Is COVID-19 impacting minority children more heavily?


Overall, COVID-19 is disproportionately impacting minority populations in the United States. A report examines if this holds true in the pediatric population.

As the COVID-19 pandemic has progressed in the United States, it has become increasingly apparent that minority populations are more heavily impacted than their White peers by the disease. A recent report in Pediatrics examines whether this was true among pediatric patients as well.1

The researchers ran a cross-section study of children who tested for COVID-19 at a drive-through that was exclusively for pediatric patients. The drive-through tested both patients in vehicles and patients who walked up to the clinic. The clinic was within 1 mile of a hospital in an outdoor enclosed parking lot. It offered testing 2 to 3 times a week between 10 am and 2 pm. Testing times also included some weekends. The site could not provide any medical management and ill-appearing patients were immediately told to go to the hospital before receiving a test. The tested patients received the test between March 21, 2020, and April 28, 2020.
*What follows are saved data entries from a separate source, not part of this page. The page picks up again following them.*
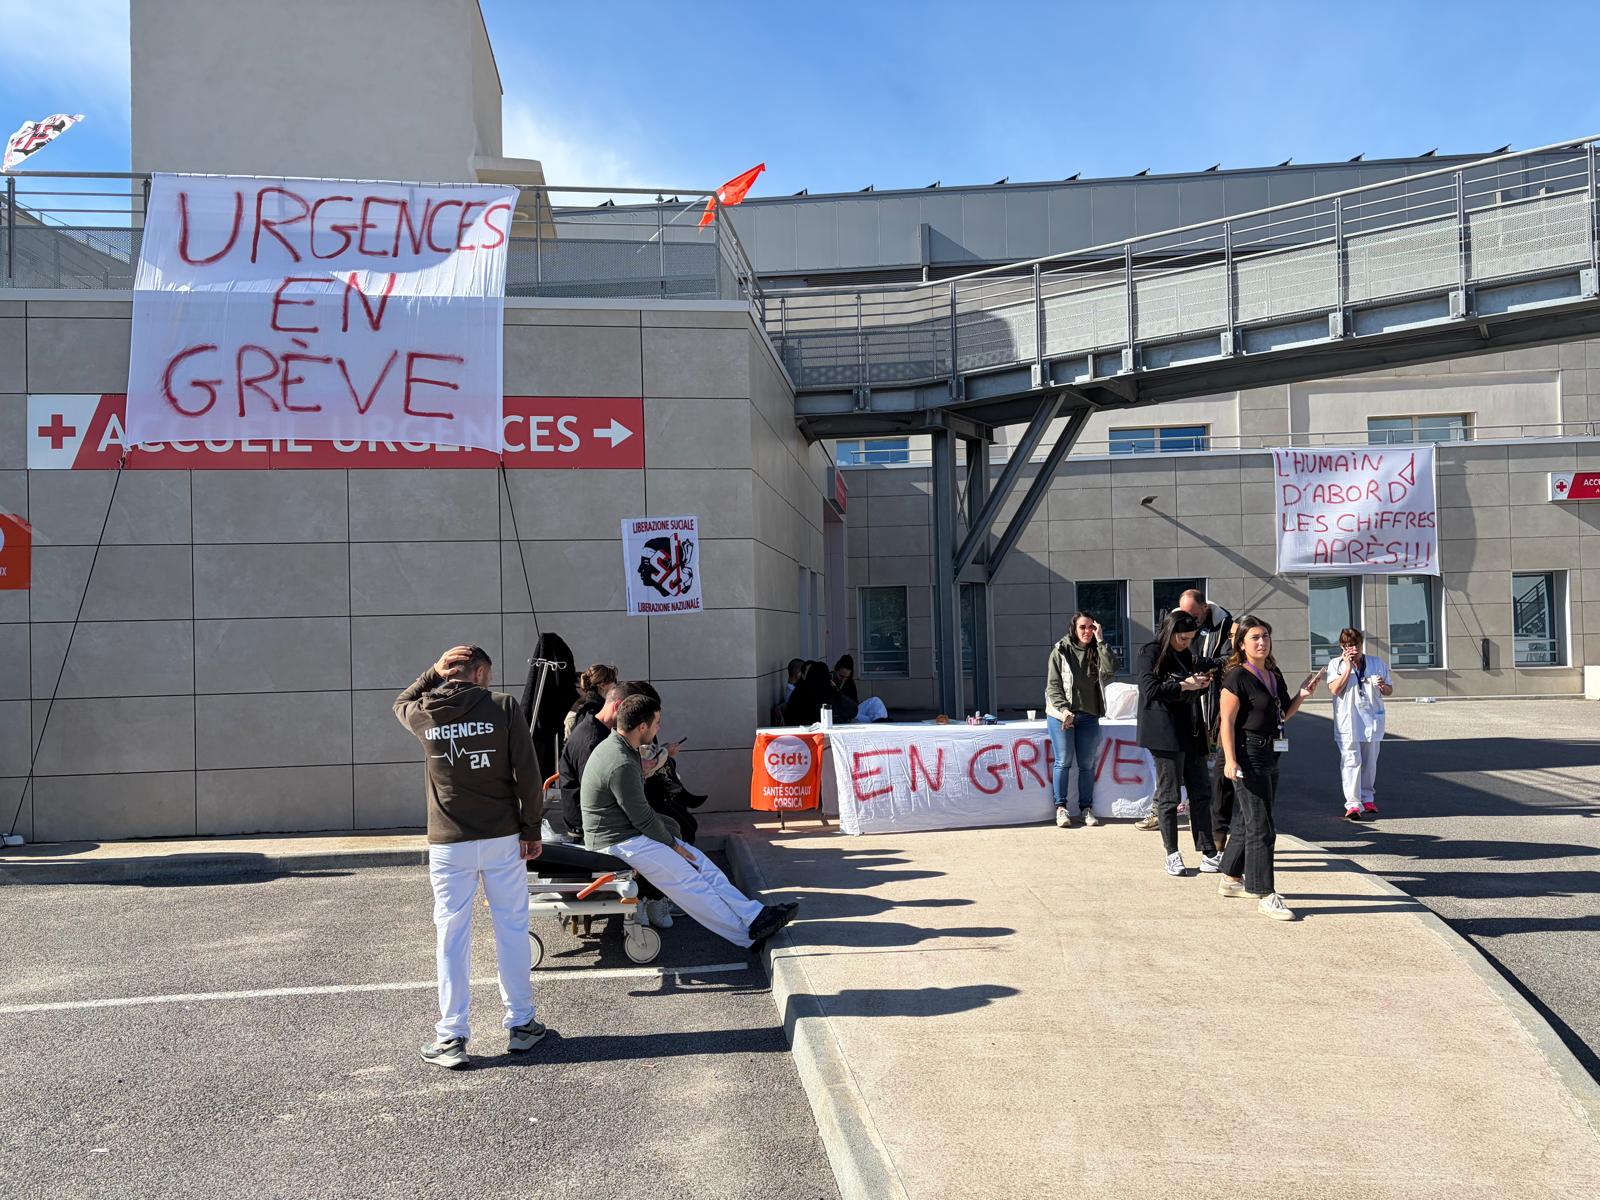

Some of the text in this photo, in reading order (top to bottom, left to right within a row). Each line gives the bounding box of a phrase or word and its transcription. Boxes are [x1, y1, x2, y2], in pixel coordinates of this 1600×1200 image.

[178, 187, 511, 265] URGENCES
[271, 272, 396, 333] EN
[162, 338, 465, 420] GRÈVE
[1282, 479, 1408, 507] D'ABORD
[632, 520, 670, 534] LIBERAZIONE
[1282, 512, 1329, 533] LES
[637, 601, 671, 613] LIBERAZIONE
[425, 721, 494, 741] URGENCES
[469, 752, 491, 770] 2A
[851, 744, 944, 801] EN
[763, 784, 784, 796] SANTÉ
[773, 797, 803, 808] CORSICA
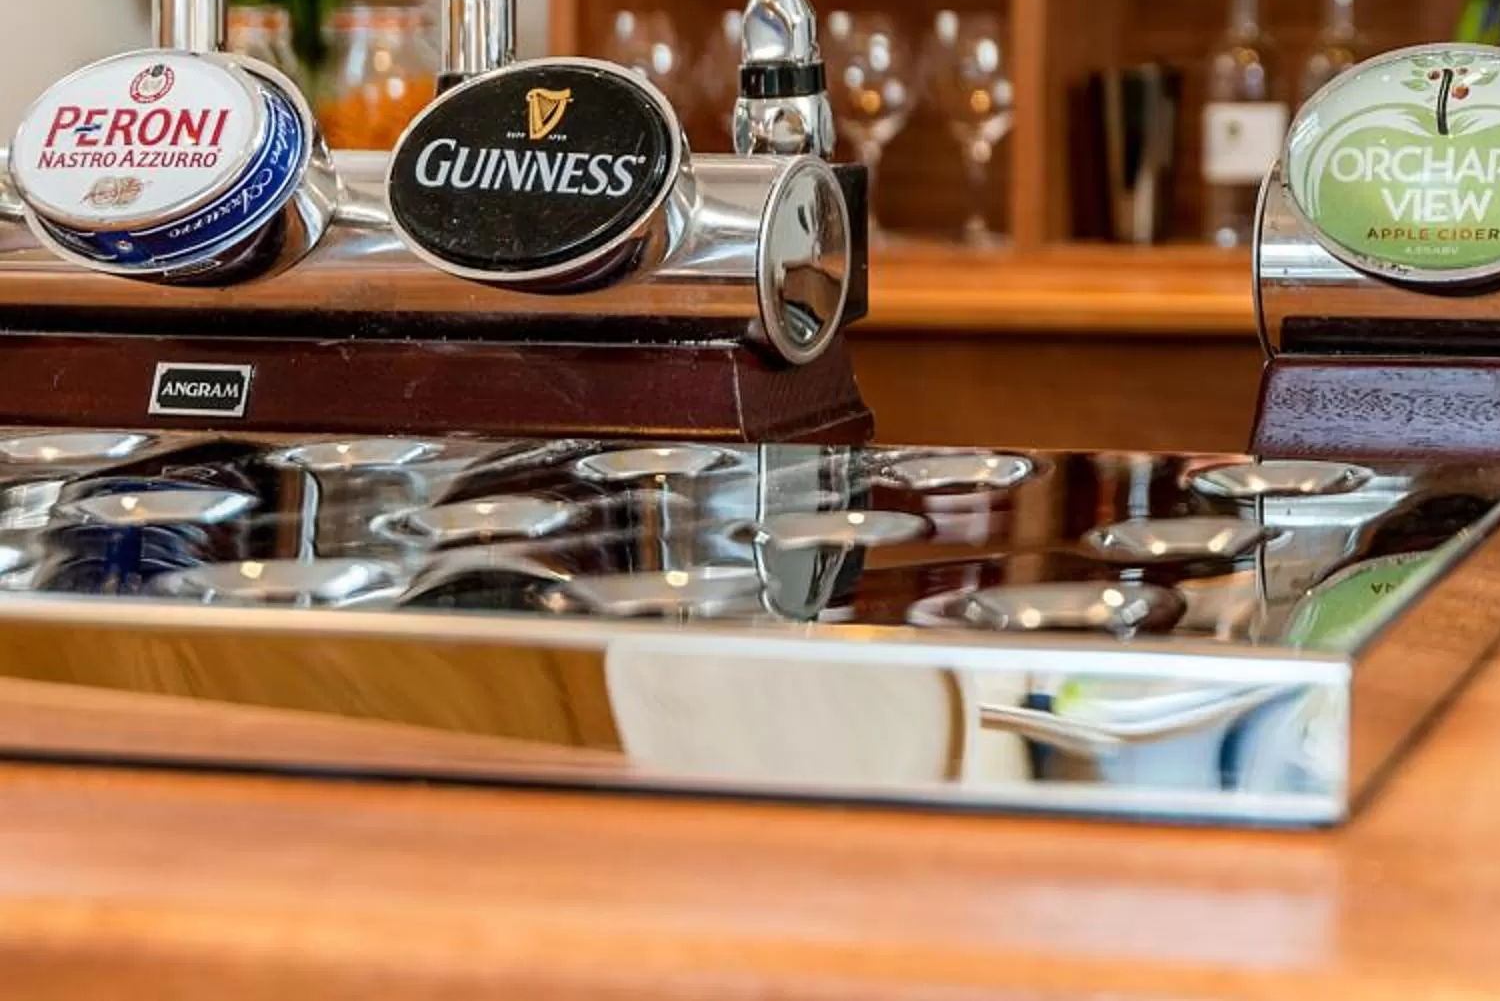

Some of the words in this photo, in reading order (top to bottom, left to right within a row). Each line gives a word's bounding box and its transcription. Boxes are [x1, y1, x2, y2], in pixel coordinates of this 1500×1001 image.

A total of 1000 children received a COVID-19 test at the testing drive-through. Among these children, 20.7% tested positive for COVID-19. When compared with non-Hispanic white children (7.3%), minority children were found to have higher infection rates (non-Hispanic Black: 30.0%, adjusted odds ratio [aOR] 2.3 [95% CI 1.2–4.4]; Hispanic: 46.4%, aOR 6.3 [95% CI 3.3–11.9]). When looking at income, the investigators found that when compared to children who had the highest median family income quartile (8.7%), the rates of infection were higher among children in the other quartiles quartile 3 (23.7%; aOR 2.6 [95% CI 1.4–4.9]), quartile 2 (27.1%; aOR 2.3 [95% CI 1.2–4.3]), and quartile 1 (37.7%; aOR 2.4 [95% CI 1.3–4.6]).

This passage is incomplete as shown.